Cómo desarrollar esta fortaleza de carácter.

“Sabemos que el sufrimiento produce perseverancia; la perseverancia, entereza de carácter; la entereza de carácter, esperanza” (Rom. 5:3, 4, NVI).

Considerando que la misión más importante de la vida es el desarrollo del carácter, desde esta columna proponemos cultivar una virtud durante todo el mes. En esta ocasión, sugerimos cultivar la perseverancia. Esta virtud es responsable de que cuando se comienza un proyecto o una tarea se logre terminarla, en forma satisfactoria. Consiste en terminar lo que se empieza, persistir en el curso de una acción, a pesar de los obstáculos, hasta “dejarlo listo”; además de sentir placer por haber completado la tarea. En esencia, la perseverancia es continuar sobreponiéndose a todos los obstáculos, y obtener el éxito. Así, pues, esta virtud del carácter se relaciona con la diligencia y la persistencia.

Los aspectos destacados que han descubierto las investigaciones sobre el tema son que la perseverancia involucra dos vectores: 1) el esfuerzo invertido en una tarea; y 2) la duración para continuar con la tarea. También se ha encontrado que la perseverancia está vinculada con el compromiso. Las personas perseverantes son las que mantienen y cumplen sus compromisos. Asimismo, en diversas investigaciones se concluyó que los perseverantes han demostrado estar vinculados con el éxito, especialmente el éxito académico y la obtención de logros; es decir, son personas triunfantes y logran buenos resultados en sus emprendimientos. Además, se ha encontrado que la perseverancia es una fortaleza de carácter clave en el ámbito laboral. Los estudios en psicología organizacional llaman “job crafting” a los casos en que los empleados realizan cambios productivos en el trabajo, al lograr resultados positivos de tipos físico, social, cognitivo, en la satisfacción laboral y en logros laborales. Hay un dicho que afirma: “Persevera, y triunfarás”. Es una gran verdad, con evidencias empíricas que lo confirman.

Los estudios también encontraron que quienes puntúan alto en la evaluación de la perseverancia se correlacionan con otras virtudes como 1) la ­autorregulación, ­autocontrol o dominio propio; 2) la honestidad; 3) la esperanza; 4) el entusiasmo; y, en quinto lugar, con la valentía. Por supuesto, también los perseverantes son más felices.

Ahora, ¿cómo se desarrolla la fortaleza de la perseverancia?
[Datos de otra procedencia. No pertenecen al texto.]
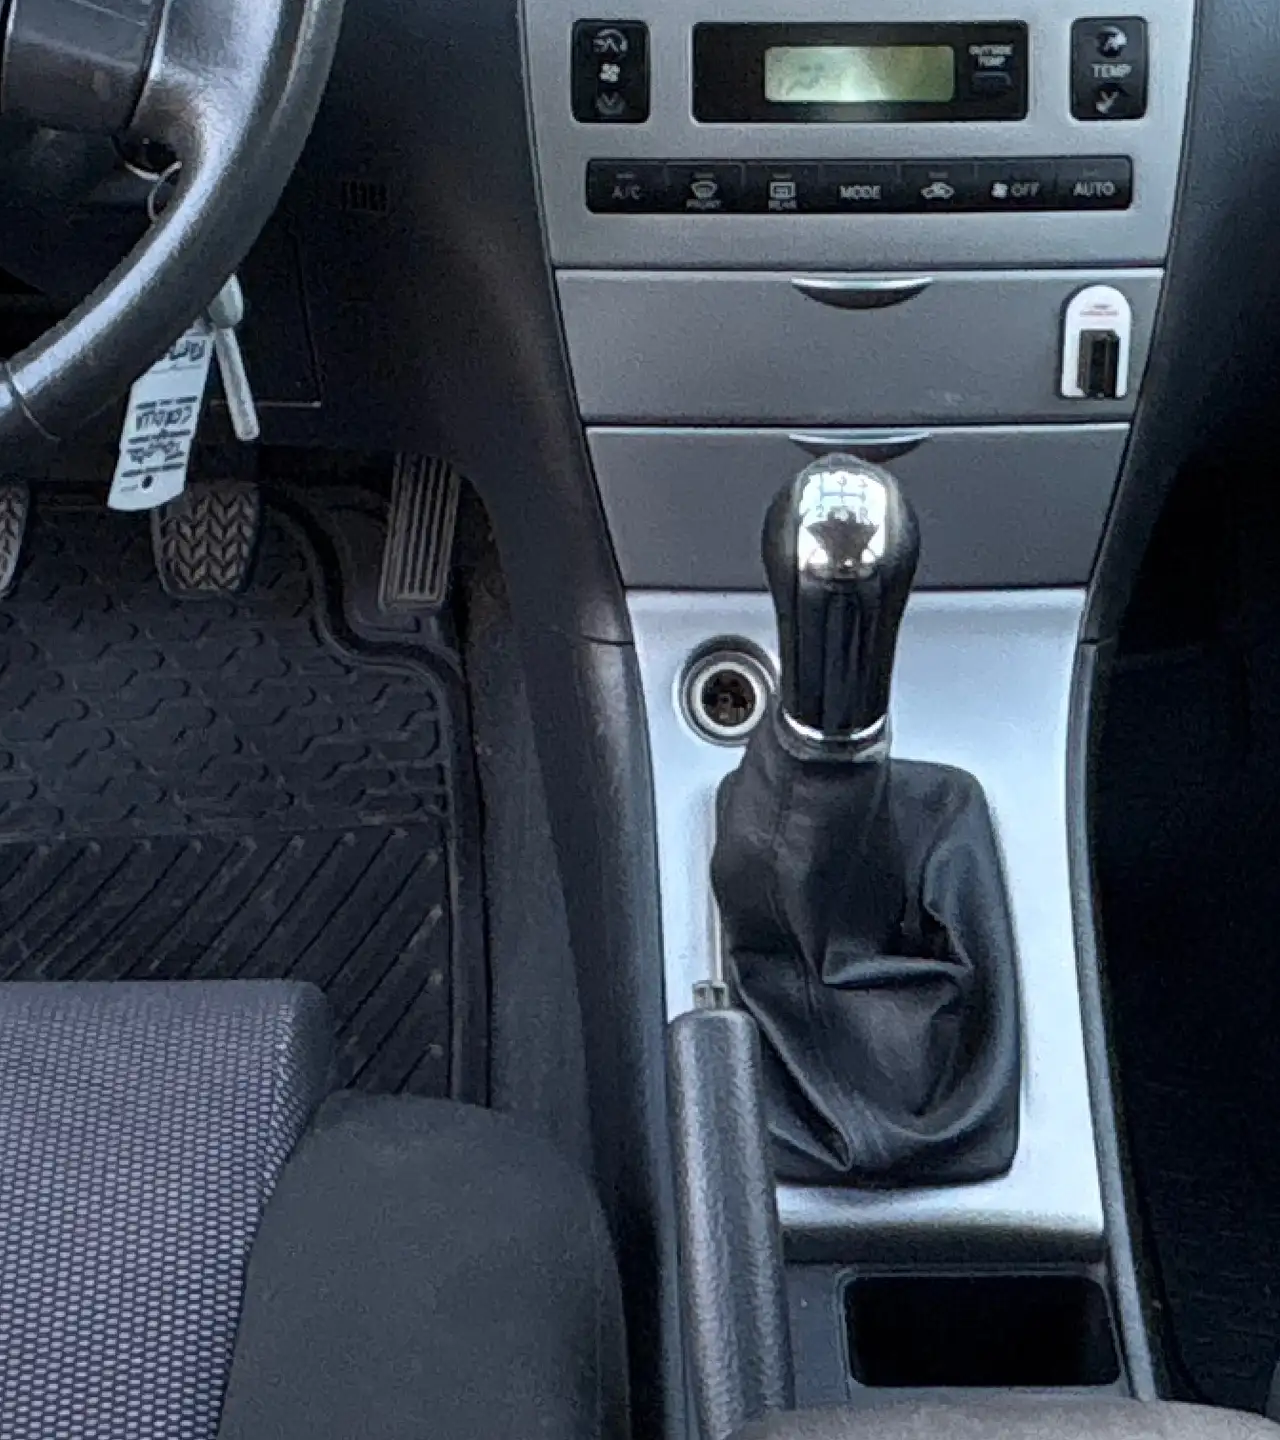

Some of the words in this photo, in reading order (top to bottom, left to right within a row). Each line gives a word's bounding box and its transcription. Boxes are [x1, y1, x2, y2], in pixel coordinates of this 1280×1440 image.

[1091, 63, 1133, 78] TEMP
[612, 185, 641, 200] A/C
[840, 184, 881, 200] MODE
[1010, 181, 1040, 197] OFF
[1072, 180, 1116, 197] AUTO
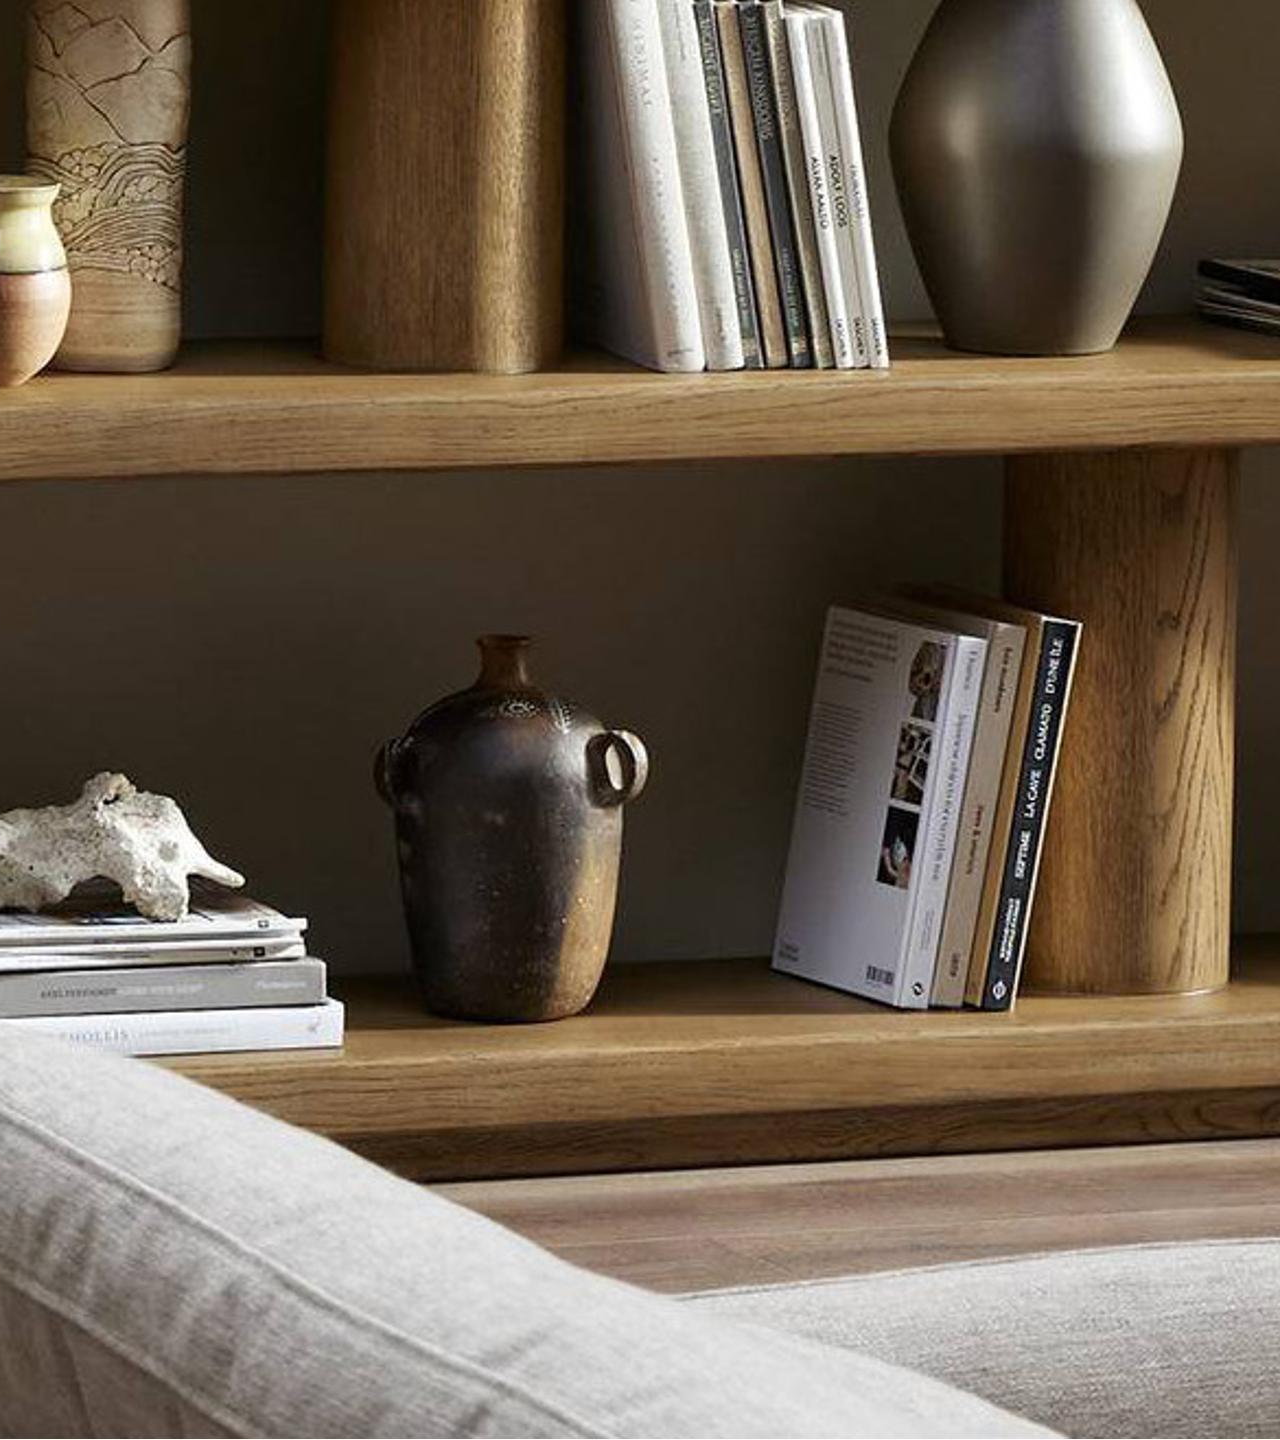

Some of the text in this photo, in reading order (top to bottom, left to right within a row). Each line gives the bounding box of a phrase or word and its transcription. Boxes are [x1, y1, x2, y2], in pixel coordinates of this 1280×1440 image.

[828, 154, 848, 229] ADOLF LOOS
[1026, 769, 1042, 802] CAVE
[1034, 702, 1053, 761] CLAMATO
Ryan Niemiec, en su libro Fortalezas de carácter: Guía de intervención (México DF: Manual Moderno, 2018), propone una serie de preguntas de reflexión a fin de ejercitar la perseverancia en forma eficiente. Estas son:

  1. ¿Qué alimenta tu conducta perseverante?
  2. ¿Hay algún mal hábito o vicio personal al que desees aplicar tu perseverancia para manejarlo mejor o superarlo?
  3. ¿Qué bloquea tu perseverancia? ¿Cómo superar esa obstrucción o impedimento?
  4. ¿Cómo podrías usar otras fortalezas o recursos personales para sobreponerte a esos obstáculos que bloquean tu perseverancia?
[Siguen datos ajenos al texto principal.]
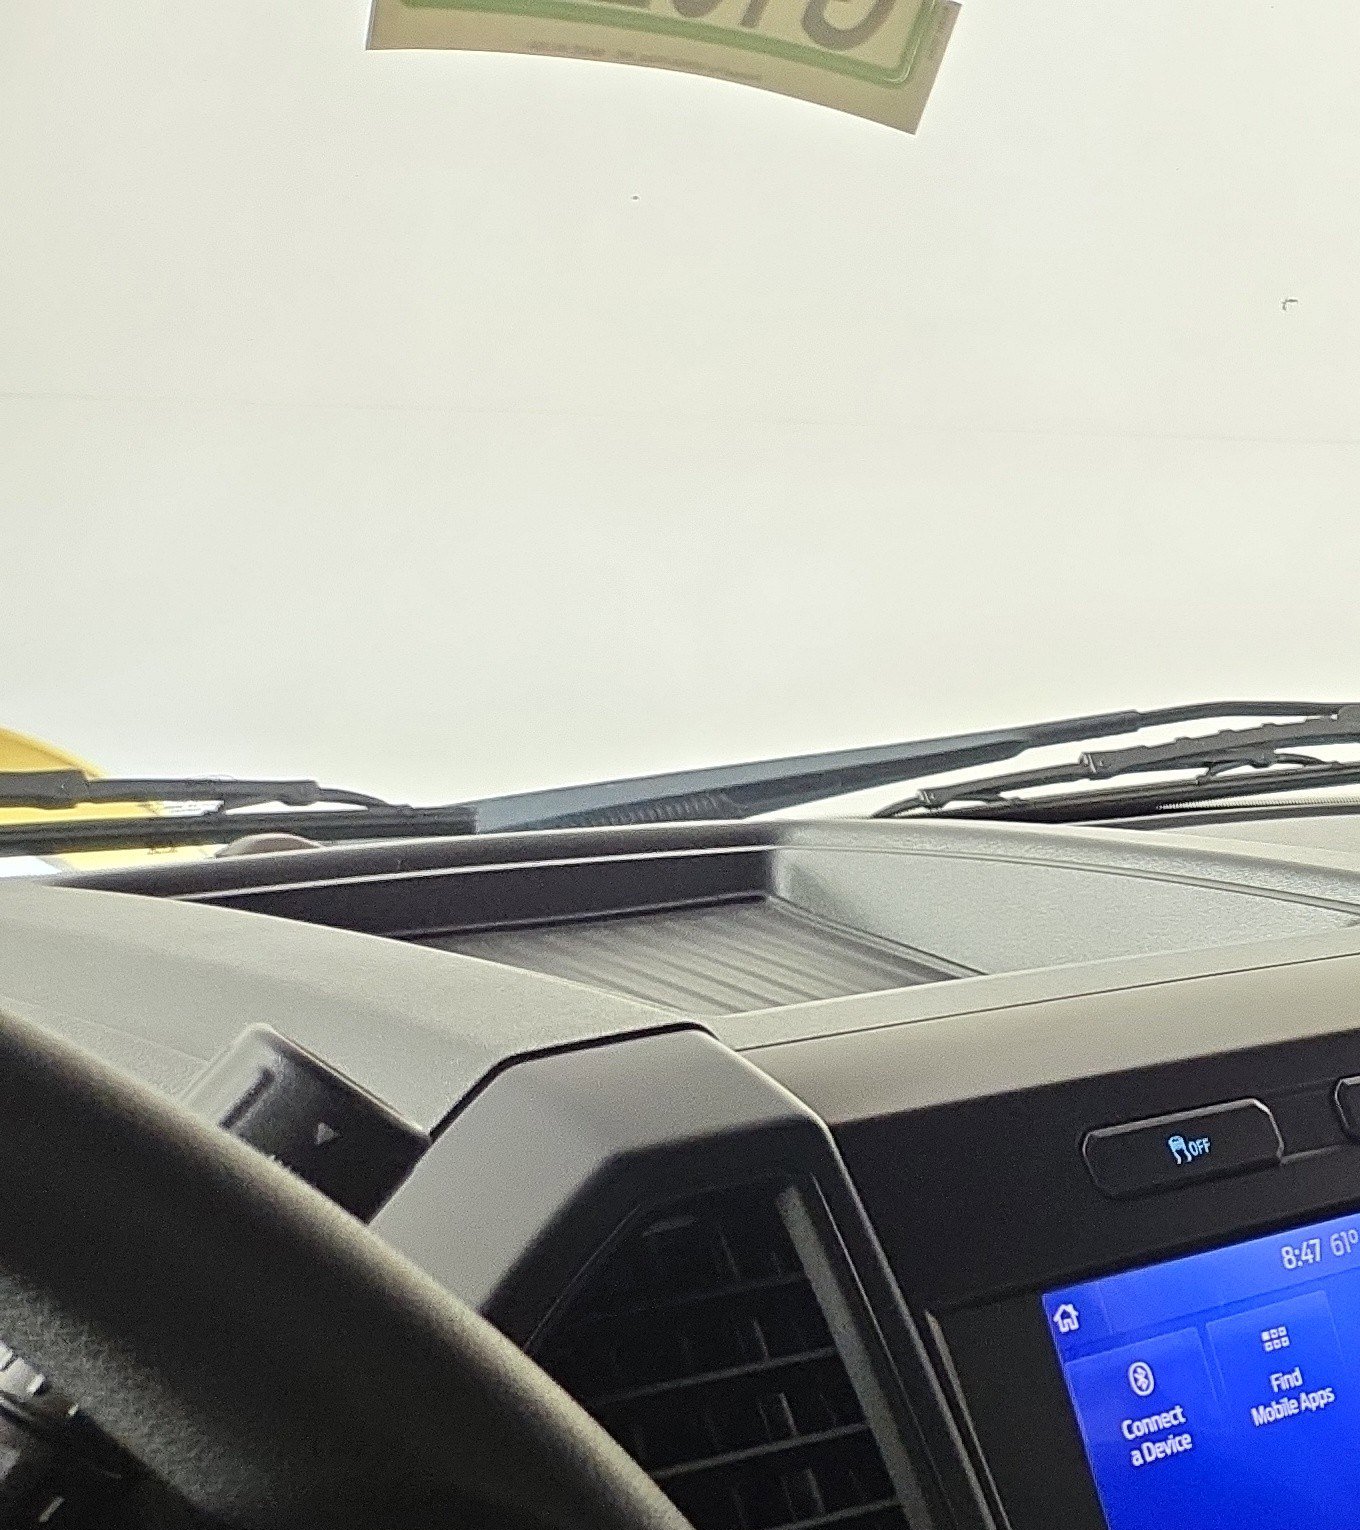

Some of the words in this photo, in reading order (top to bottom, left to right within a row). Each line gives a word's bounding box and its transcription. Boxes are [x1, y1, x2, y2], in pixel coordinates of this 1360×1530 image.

[1190, 1136, 1212, 1157] OFF
[1281, 1238, 1321, 1270] 8:47
[1270, 1366, 1303, 1392] Find
[1121, 1404, 1187, 1440] Connect
[1250, 1396, 1300, 1427] Mobile
[1300, 1386, 1336, 1412] Apps
[1130, 1448, 1144, 1467] a
[1141, 1432, 1193, 1463] Device
¿De qué otras formas puede practicarse la perseverancia? Cuando nos vemos confrontados con eventos negativos. La adversidad es el tiempo de la perseverancia. Por ejemplo, una paciente que estuve tratando se encontraba realizando algunos trámites judiciales importantes, cuando fue citada a la corte para aclarar ciertos detalles. Eso la asustó y desanimó, debido a cierta tendencia pesimista y depresiva que padecía. Entonces, le dije: “Este es el tiempo de la perseverancia. No baje los brazos; va a salir adelante y resolverá positivamente su trámite”. Precisamente, para poner en marcha la perseverancia, hay que realizar revaloraciones positivas de los eventos adversos, ver lo bueno y lo que puede aprenderse. Esa actitud mental es la que conduce a persistir y no abandonar la lucha.

En resumen, ¡nunca te rindas! Jamás bajes los brazos, persevera, no cedas en la lucha, y al final descubrirás con satisfacción las bendiciones de una vida exitosa y feliz.